Isabel Mansione, Diana Zac and Marta Viola present an interdisciplinary research work on violence at secondary level schools. The authors say that the title of their paper “relates to some unconscious beliefs shared by the social groups that shape the community. The authors point out that in the education community Bion’s basic assumption groups are clearly present.
“Premature birth is a traumatic event. Technical progress may generate unprecedented situations that have an impact on the mother-child relationship”.
Dr. Osvaldo Menéndez describes a session with a group of mothers in which their fantasies around the experience are shown. Such a place is thought as “a compensating structure that would work as a continent which reverie would process the sensorial impressions of Beta elements, transforming them in Alfa elements that can be used for thinking and symbolize, allowing to re-establish the link”.
Dr. Victoria Zolotnicki thinks that the analytic situation is the temporal space in which the process develops. The process originates in the mental models with which we operate. The author contends that the ways in which the emotional experiences express themselves in the session and the difficulties in learning from them allow for the process of working through. The Epistemological perspective of mental phenomena recognizes in emotionality the meaning of the links and the seed of the thoughts that shall develop thinking.
Dr. Carlos Barredo tells us that psychoanalysis is a method, an asymmetrical device in which the experience of the unconscious takes place. In this paper the author discusses countertransference, the question of the presence and the person of the analyst. Dr. Barredo says that free association makes possible the emergence of an unknown knowledge, of the forms in which Freud referred to the unconscious. He emphasizes the importance of making free association feasible; it´s effectiveness implies the evacuation of the “meta” representations that would orientate towards a termination of the associative process. It is not the case of not expecting anything, but of not knowing what is expected, which presents itself as a surprise that the analyst sanctions with an interpretation. For that to be possible, the analyst has to be located in the place in which the dispositive attaches as the place of the Other. The author describes his model of work through what he thinks about interpretations, about the person of the analyst, about countertransference and about the different elements that constitute the psychoanalytic field in which he develops his work.
Oscar Elviras´s paper has as its axis the psychoanalytic the ideas developed by Bion and Meltzer after Freud, Ferenczi and Melanie Klein.
The author says that Bion is frequently recognized as an author who, with his immense creativity, measured group and institutional phenomena. He denominates this phenomenon the “bionian dimension of human development”. The author points out that Bion gives an important space to leadership in group situations, which establish a group mentality.
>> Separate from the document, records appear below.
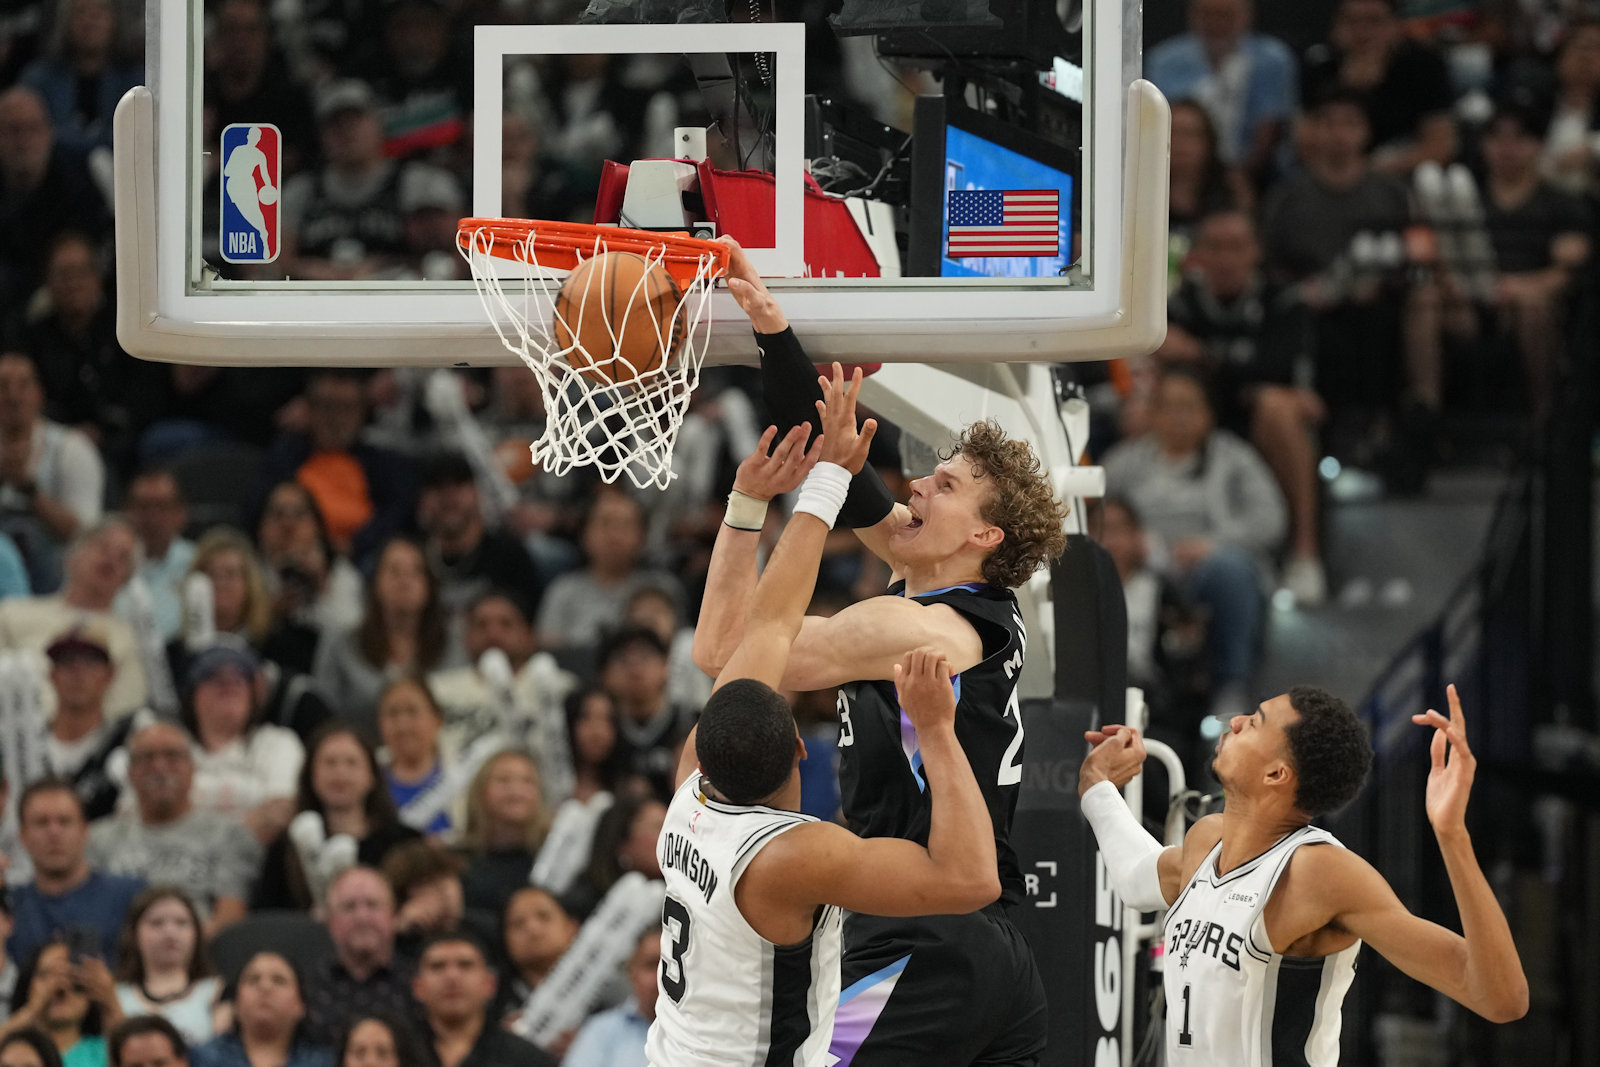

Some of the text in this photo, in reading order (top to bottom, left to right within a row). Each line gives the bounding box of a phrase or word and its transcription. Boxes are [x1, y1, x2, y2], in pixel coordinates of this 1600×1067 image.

[229, 232, 257, 254] NBA
[837, 689, 854, 747] 3
[662, 832, 719, 905] JOHNSON
[1228, 892, 1253, 903] LEDGER
[661, 893, 694, 1006] 3
[1168, 918, 1245, 972] SPURS
[1178, 984, 1193, 1048] 1
Oscar Elvira refers to Meltzer saying that this author gives importance to mental spaces inside the mind and inside the objects – internal and external-. These spaces will become dramatized in the psychoanalytic process through the transference, made possible because of the existence of the psychoanalytic field. He illustrates his ideas with clinical material.
In reply to the invitation made to the members of our Association on “The psychoanalytic field. Group aspects of the mind, It´s influence in the couple, the family and institutions”, we have received the works that today we offer to the psychoanalytic community of Funzione Gamma, in a very satisfying exchange of ideas and experiences.